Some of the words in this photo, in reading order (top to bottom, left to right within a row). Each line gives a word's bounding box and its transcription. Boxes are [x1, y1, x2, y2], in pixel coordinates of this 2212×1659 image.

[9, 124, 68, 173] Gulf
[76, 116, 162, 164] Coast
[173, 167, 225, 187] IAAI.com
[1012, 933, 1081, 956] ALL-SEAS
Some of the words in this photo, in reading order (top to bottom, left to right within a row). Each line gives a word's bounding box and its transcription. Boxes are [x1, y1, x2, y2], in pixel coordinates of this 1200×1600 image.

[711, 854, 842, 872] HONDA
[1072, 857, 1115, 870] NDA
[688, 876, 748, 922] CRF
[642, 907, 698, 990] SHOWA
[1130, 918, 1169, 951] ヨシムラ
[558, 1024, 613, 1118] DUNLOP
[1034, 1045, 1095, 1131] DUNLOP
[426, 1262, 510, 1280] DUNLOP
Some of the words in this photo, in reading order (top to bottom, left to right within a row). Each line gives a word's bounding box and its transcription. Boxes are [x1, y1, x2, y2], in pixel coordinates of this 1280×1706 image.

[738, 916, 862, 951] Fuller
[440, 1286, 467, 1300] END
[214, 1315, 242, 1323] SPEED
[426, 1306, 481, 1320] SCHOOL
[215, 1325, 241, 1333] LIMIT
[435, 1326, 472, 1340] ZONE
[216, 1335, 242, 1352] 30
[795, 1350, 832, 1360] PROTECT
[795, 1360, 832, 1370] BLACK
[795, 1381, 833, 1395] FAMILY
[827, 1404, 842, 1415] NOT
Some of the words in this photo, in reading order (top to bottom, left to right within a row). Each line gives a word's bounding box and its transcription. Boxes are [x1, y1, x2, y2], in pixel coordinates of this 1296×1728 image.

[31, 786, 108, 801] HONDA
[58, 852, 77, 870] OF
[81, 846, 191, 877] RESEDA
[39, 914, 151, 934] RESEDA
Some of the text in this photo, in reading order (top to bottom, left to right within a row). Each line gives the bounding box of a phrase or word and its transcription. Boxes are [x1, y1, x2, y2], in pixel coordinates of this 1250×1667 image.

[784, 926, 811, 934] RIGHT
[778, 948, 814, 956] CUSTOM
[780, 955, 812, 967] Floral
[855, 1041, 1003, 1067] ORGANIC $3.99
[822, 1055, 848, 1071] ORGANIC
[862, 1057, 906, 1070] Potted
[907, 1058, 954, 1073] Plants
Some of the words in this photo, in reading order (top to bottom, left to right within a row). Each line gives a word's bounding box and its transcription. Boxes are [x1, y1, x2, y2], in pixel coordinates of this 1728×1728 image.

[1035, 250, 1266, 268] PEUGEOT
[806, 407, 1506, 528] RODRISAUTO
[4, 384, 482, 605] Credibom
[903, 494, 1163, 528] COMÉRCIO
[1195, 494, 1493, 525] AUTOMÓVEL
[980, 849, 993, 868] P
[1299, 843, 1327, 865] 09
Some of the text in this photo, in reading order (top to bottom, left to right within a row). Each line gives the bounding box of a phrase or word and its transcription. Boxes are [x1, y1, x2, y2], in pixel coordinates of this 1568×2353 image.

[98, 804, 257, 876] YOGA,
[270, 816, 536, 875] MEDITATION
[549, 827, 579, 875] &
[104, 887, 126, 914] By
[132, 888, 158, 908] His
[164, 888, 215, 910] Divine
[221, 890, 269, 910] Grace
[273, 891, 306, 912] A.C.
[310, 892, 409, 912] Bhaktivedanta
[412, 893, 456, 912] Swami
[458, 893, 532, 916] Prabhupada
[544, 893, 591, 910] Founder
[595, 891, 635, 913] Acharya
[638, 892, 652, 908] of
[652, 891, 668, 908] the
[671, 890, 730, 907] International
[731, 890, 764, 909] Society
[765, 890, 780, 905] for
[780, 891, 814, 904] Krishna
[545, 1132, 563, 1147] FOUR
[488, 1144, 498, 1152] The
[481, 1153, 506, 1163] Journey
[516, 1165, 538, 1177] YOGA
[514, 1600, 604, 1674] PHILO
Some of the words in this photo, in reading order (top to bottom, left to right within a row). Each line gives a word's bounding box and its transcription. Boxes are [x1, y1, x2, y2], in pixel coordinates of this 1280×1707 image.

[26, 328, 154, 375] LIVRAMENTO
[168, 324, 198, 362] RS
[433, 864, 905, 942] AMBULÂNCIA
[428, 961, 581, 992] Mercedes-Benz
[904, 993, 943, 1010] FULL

==========

With the line containing "this 1568×2353 image." as the start, transcribe each line through the end of the listing above, exactly and only.

Some of the text in this photo, in reading order (top to bottom, left to right within a row). Each line gives the bounding box of a phrase or word and its transcription. Boxes are [x1, y1, x2, y2], in pixel coordinates of this 1568×2353 image.

[98, 804, 257, 876] YOGA,
[270, 816, 536, 875] MEDITATION
[549, 827, 579, 875] &
[104, 887, 126, 914] By
[132, 888, 158, 908] His
[164, 888, 215, 910] Divine
[221, 890, 269, 910] Grace
[273, 891, 306, 912] A.C.
[310, 892, 409, 912] Bhaktivedanta
[412, 893, 456, 912] Swami
[458, 893, 532, 916] Prabhupada
[544, 893, 591, 910] Founder
[595, 891, 635, 913] Acharya
[638, 892, 652, 908] of
[652, 891, 668, 908] the
[671, 890, 730, 907] International
[731, 890, 764, 909] Society
[765, 890, 780, 905] for
[780, 891, 814, 904] Krishna
[545, 1132, 563, 1147] FOUR
[488, 1144, 498, 1152] The
[481, 1153, 506, 1163] Journey
[516, 1165, 538, 1177] YOGA
[514, 1600, 604, 1674] PHILO
Some of the words in this photo, in reading order (top to bottom, left to right within a row). Each line gives a word's bounding box and its transcription. Boxes are [x1, y1, x2, y2], in pixel coordinates of this 1280×1707 image.

[26, 328, 154, 375] LIVRAMENTO
[168, 324, 198, 362] RS
[433, 864, 905, 942] AMBULÂNCIA
[428, 961, 581, 992] Mercedes-Benz
[904, 993, 943, 1010] FULL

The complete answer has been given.